**Material supplied**
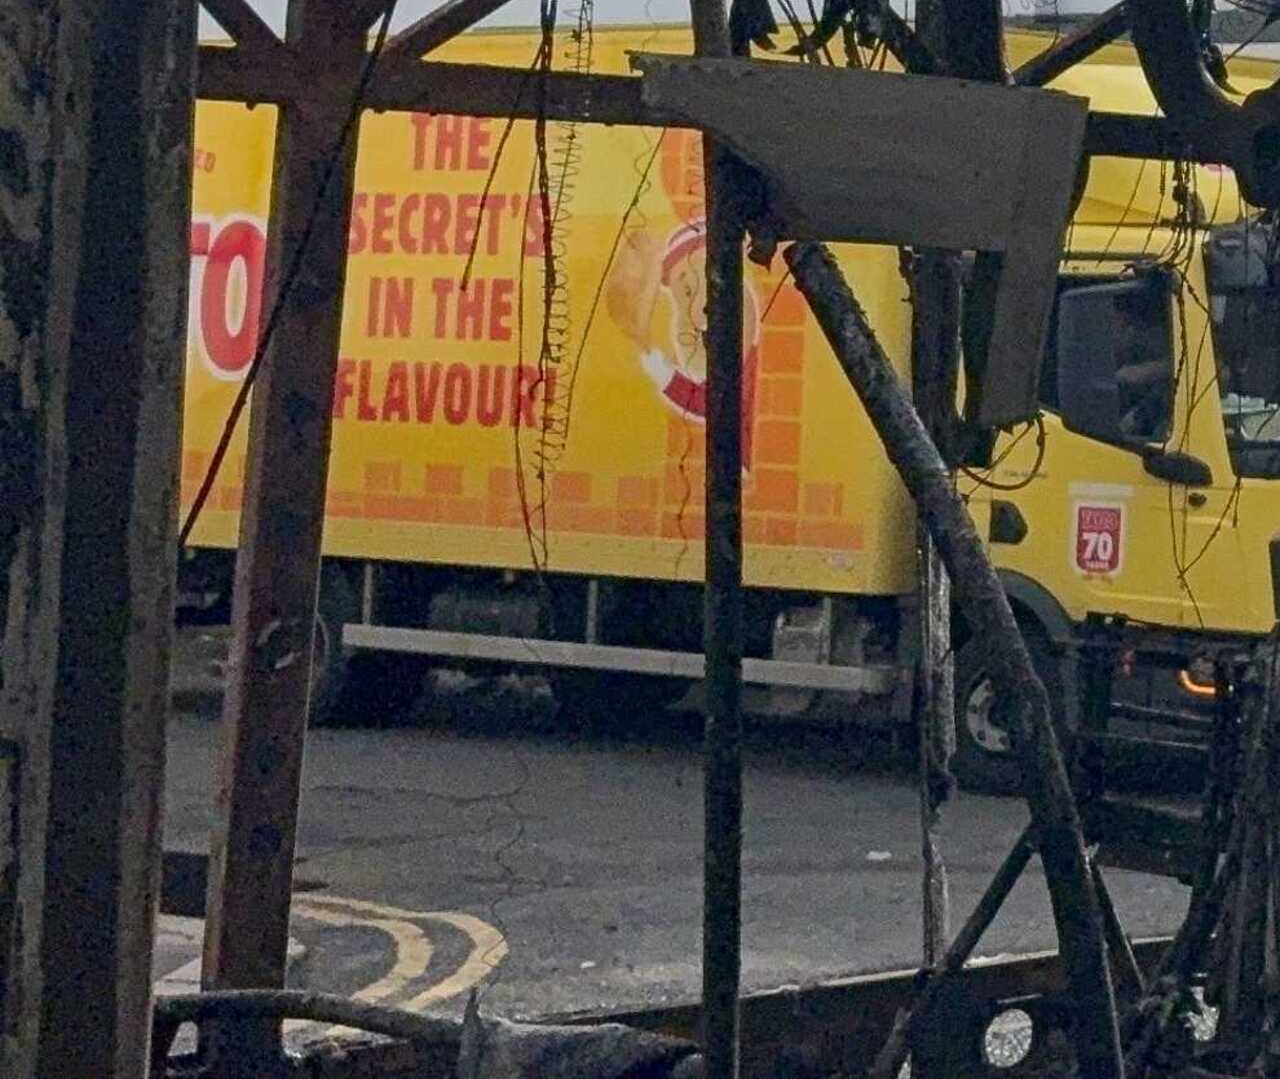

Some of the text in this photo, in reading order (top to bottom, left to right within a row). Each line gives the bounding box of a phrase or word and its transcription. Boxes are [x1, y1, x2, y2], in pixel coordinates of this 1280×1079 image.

[410, 111, 491, 170] THE
[347, 192, 550, 257] SECRET'S
[367, 276, 514, 341] IN THE
[1082, 531, 1113, 562] 70

**About this task**
Every record gets retyped exactly; no picture goes into the copy.

**Result for this exercise**
Some of the text in this photo, in reading order (top to bottom, left to right within a row). Each line gives the bounding box of a phrase or word and its transcription. Boxes are [x1, y1, x2, y2], in pixel coordinates of this 1280×1079 image.

[410, 111, 491, 170] THE
[347, 192, 550, 257] SECRET'S
[367, 276, 514, 341] IN THE
[1082, 531, 1113, 562] 70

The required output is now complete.